Historically, veganism came about in 1944 because the movement to speak up for animals, vegetarianism, was losing credibility and substance with tolerances for dairy, eggs, and other animal products. The founders of the Vegan Society saw the need for a consistent ethically-based movement to speak up for animals.
Unsurprisingly not long after veganism was defined some felt the need to dilute the definition. This is almost always as a means to making veganism more ‘popular’.
Honey was one of the first topics to come up. It was a short controversy in the early years of veganism, but of course it was obvious to side with bees, and explicitly highlight that honey is not vegan.
Even today, there’s mock ‘confusion’ about honey, with statements like ‘well some vegans eat honey’. The answer to that is no. No vegan eats honey. Don’t be afraid to express it that way as well.
Intersecting approaches have been proposed as well. Some time in the early 2000’s one of the founders of Vegan Outreach presented a slightly less vegan version of veganism, I believe the term they decided on was ‘vegitan’. If memory serves, it was a vegan diet, but also allowed honey and leather jackets. (Anyone else remember this or have any more details? Please leave a note in the Comments section!)
More recently bivalves (clams, scallops, oysters, etc) have been a focus, with some claiming that a supposed lack of sentience makes them okay to slowly suffocate and eat. (Makes me wonder if bivalve sentience is proven, if those same people will admit their own dearth of sentience?)

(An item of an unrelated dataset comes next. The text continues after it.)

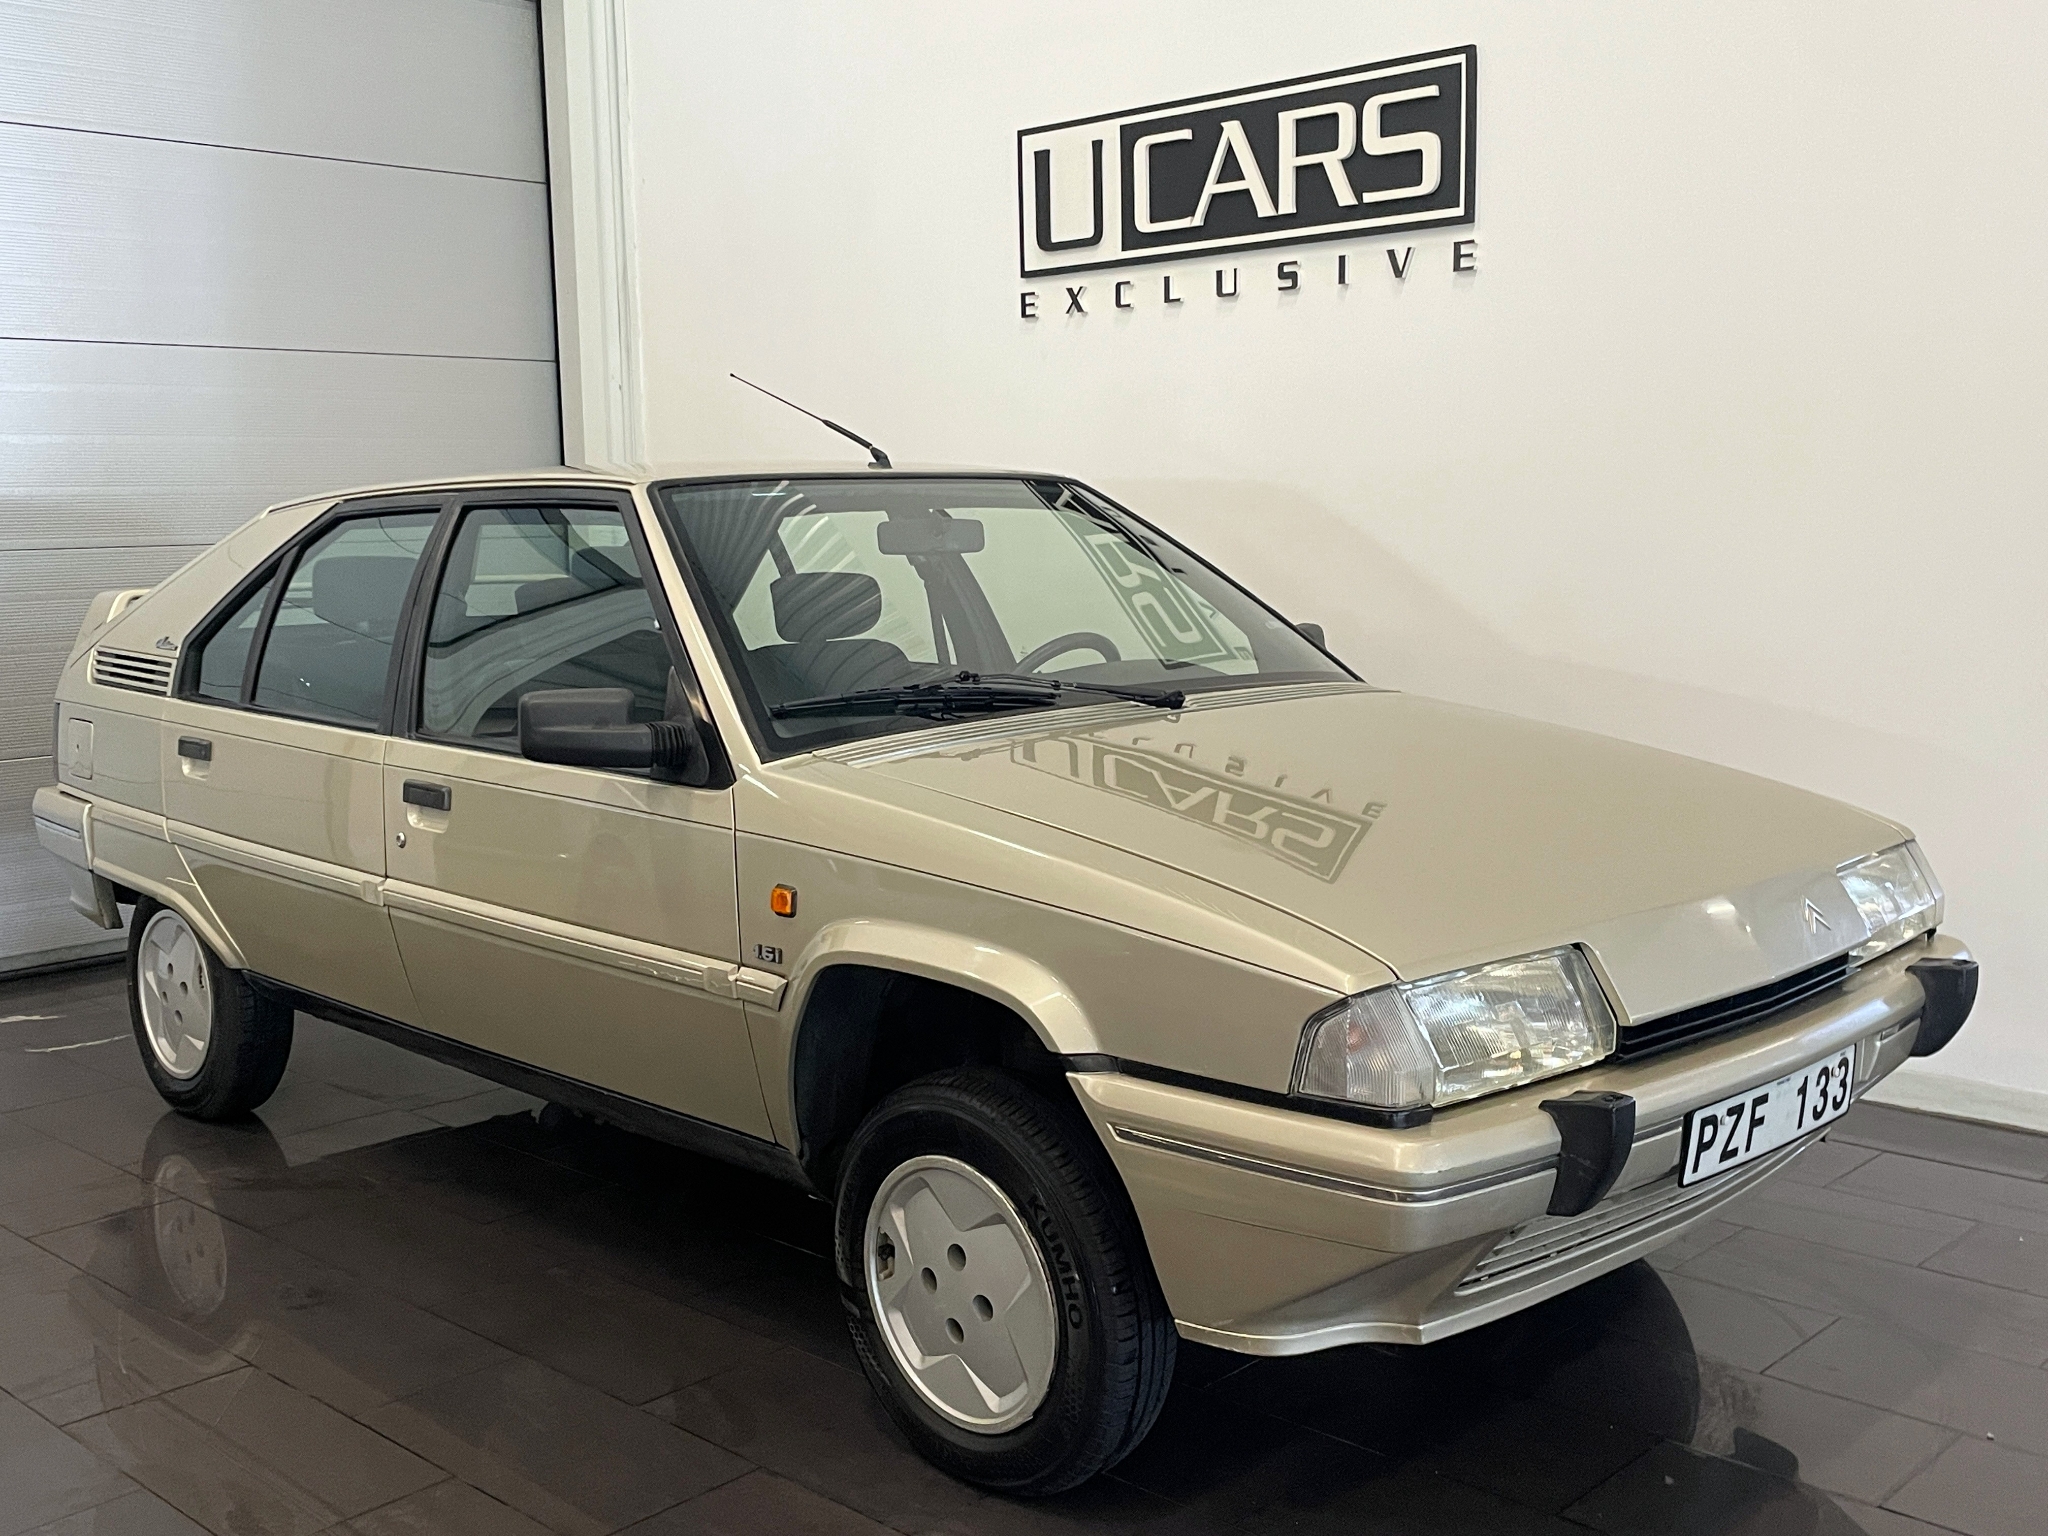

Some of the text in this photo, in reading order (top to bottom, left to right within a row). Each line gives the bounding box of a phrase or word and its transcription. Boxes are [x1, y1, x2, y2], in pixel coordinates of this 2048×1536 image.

These efforts really only reflect a profound misunderstanding of veganism. (And their own thinly veiled desire to exploit animals. Funny they’re using the ‘tastes good – me want eat’ argument that’s supposed to be the exclusive realm of non-vegans when it comes to rationalizing foods.)
But where does this get us? Are we to believe that there are larges groups of people that are willing to advance their philosophies and fully agree that animals are not ours to exploit….if only we could eat honey or bivalves…??!

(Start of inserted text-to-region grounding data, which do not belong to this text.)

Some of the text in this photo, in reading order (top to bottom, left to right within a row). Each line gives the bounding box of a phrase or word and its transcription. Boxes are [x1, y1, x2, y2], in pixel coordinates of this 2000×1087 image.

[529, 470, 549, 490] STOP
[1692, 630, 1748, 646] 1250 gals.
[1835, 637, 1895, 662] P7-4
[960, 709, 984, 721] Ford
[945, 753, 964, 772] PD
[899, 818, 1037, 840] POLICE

It’s as if it’s just this one thing that’s holding people back…. But the reality is I’ve never heard anyone say ‘I’d go vegan if I could eat clams’. If someone actually believed that, they’d be eating that way already. So it’s just an excuse.
Decades ago I came up with a joke that everyone in the world is vegetarian – they’re all lacto-ovo-pesco-polo-porcine-bovine-equine-vegetarians.
Veganism doesn’t have prefixes, because that’s not how veganism works. There aren’t ‘exceptions’, and that’s what makes it a consistent and ethically sound movement. Anything else dilutes it, and renders it meaningless.
We also don’t need to allow for animal tested foods, and there’s already a movement that’s tolerant of animal exploitation: a plant based diet. (Which seems like a more trendy Flexitarian 2.0.)
We can win minds and hearts with what veganism stands for. I believe that on a fundamental level nearly all have a natural aversion to harming others, but an exploitative mindset is endemic in our society. It’s just a matter of tapping into what people already intrinsically believe, and then taking steps to reflect this and manifest their true beliefs.
Reducing veganism into some kind of popularity contest means compromising what veganism stands for, and if it happens, we’ll only see another group of people essentially reinvent veganism. We don’t need a Veganism 2.0, we just need people to actually agree with Veganism 1.0 which has stood strong on it’s own merits for 3/4 of a century.